▶ [Exercise brief]: Without altering anything, repeat each of the records.

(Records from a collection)
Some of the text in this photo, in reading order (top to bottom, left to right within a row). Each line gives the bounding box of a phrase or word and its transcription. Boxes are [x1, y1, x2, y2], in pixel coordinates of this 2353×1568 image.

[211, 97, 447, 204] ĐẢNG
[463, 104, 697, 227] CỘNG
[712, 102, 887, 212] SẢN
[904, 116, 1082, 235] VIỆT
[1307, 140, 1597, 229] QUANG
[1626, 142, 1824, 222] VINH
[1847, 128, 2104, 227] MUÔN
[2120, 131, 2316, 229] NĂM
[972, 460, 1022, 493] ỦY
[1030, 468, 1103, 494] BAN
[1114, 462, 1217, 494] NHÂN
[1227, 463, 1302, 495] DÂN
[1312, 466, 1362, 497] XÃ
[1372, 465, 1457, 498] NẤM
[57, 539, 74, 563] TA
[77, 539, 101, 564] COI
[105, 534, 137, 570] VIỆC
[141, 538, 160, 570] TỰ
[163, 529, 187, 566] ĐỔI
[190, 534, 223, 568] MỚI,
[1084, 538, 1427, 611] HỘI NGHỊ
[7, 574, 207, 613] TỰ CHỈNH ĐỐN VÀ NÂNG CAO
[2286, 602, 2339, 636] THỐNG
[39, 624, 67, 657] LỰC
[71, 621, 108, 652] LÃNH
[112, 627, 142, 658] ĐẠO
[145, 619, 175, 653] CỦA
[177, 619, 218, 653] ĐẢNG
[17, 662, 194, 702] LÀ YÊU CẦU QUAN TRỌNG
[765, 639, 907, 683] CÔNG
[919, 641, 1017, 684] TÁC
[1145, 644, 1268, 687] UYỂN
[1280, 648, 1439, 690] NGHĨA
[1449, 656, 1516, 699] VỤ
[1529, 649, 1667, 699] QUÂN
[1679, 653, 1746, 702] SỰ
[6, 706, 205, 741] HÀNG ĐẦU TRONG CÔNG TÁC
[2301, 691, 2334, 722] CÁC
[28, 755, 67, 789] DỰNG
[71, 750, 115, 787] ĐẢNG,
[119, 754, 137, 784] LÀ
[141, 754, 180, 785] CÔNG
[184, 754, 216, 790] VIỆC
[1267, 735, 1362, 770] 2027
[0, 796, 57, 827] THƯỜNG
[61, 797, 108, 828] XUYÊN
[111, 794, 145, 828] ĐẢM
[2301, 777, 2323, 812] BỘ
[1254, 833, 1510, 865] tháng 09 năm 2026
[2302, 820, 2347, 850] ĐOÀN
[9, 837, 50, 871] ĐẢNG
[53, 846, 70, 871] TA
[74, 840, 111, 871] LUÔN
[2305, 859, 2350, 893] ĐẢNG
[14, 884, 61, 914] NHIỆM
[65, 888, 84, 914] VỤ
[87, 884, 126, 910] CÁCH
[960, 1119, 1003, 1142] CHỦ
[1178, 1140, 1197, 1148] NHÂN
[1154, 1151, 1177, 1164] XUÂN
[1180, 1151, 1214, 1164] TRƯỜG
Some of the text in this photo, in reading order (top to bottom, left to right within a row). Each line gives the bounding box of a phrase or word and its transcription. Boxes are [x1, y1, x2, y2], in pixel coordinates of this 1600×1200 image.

▶ [Response for this exercise]:
Some of the text in this photo, in reading order (top to bottom, left to right within a row). Each line gives the bounding box of a phrase or word and its transcription. Boxes are [x1, y1, x2, y2], in pixel coordinates of this 2353×1568 image.

[211, 97, 447, 204] ĐẢNG
[463, 104, 697, 227] CỘNG
[712, 102, 887, 212] SẢN
[904, 116, 1082, 235] VIỆT
[1307, 140, 1597, 229] QUANG
[1626, 142, 1824, 222] VINH
[1847, 128, 2104, 227] MUÔN
[2120, 131, 2316, 229] NĂM
[972, 460, 1022, 493] ỦY
[1030, 468, 1103, 494] BAN
[1114, 462, 1217, 494] NHÂN
[1227, 463, 1302, 495] DÂN
[1312, 466, 1362, 497] XÃ
[1372, 465, 1457, 498] NẤM
[57, 539, 74, 563] TA
[77, 539, 101, 564] COI
[105, 534, 137, 570] VIỆC
[141, 538, 160, 570] TỰ
[163, 529, 187, 566] ĐỔI
[190, 534, 223, 568] MỚI,
[1084, 538, 1427, 611] HỘI NGHỊ
[7, 574, 207, 613] TỰ CHỈNH ĐỐN VÀ NÂNG CAO
[2286, 602, 2339, 636] THỐNG
[39, 624, 67, 657] LỰC
[71, 621, 108, 652] LÃNH
[112, 627, 142, 658] ĐẠO
[145, 619, 175, 653] CỦA
[177, 619, 218, 653] ĐẢNG
[17, 662, 194, 702] LÀ YÊU CẦU QUAN TRỌNG
[765, 639, 907, 683] CÔNG
[919, 641, 1017, 684] TÁC
[1145, 644, 1268, 687] UYỂN
[1280, 648, 1439, 690] NGHĨA
[1449, 656, 1516, 699] VỤ
[1529, 649, 1667, 699] QUÂN
[1679, 653, 1746, 702] SỰ
[6, 706, 205, 741] HÀNG ĐẦU TRONG CÔNG TÁC
[2301, 691, 2334, 722] CÁC
[28, 755, 67, 789] DỰNG
[71, 750, 115, 787] ĐẢNG,
[119, 754, 137, 784] LÀ
[141, 754, 180, 785] CÔNG
[184, 754, 216, 790] VIỆC
[1267, 735, 1362, 770] 2027
[0, 796, 57, 827] THƯỜNG
[61, 797, 108, 828] XUYÊN
[111, 794, 145, 828] ĐẢM
[2301, 777, 2323, 812] BỘ
[1254, 833, 1510, 865] tháng 09 năm 2026
[2302, 820, 2347, 850] ĐOÀN
[9, 837, 50, 871] ĐẢNG
[53, 846, 70, 871] TA
[74, 840, 111, 871] LUÔN
[2305, 859, 2350, 893] ĐẢNG
[14, 884, 61, 914] NHIỆM
[65, 888, 84, 914] VỤ
[87, 884, 126, 910] CÁCH
[960, 1119, 1003, 1142] CHỦ
[1178, 1140, 1197, 1148] NHÂN
[1154, 1151, 1177, 1164] XUÂN
[1180, 1151, 1214, 1164] TRƯỜG
Some of the text in this photo, in reading order (top to bottom, left to right within a row). Each line gives the bounding box of a phrase or word and its transcription. Boxes are [x1, y1, x2, y2], in pixel coordinates of this 1600×1200 image.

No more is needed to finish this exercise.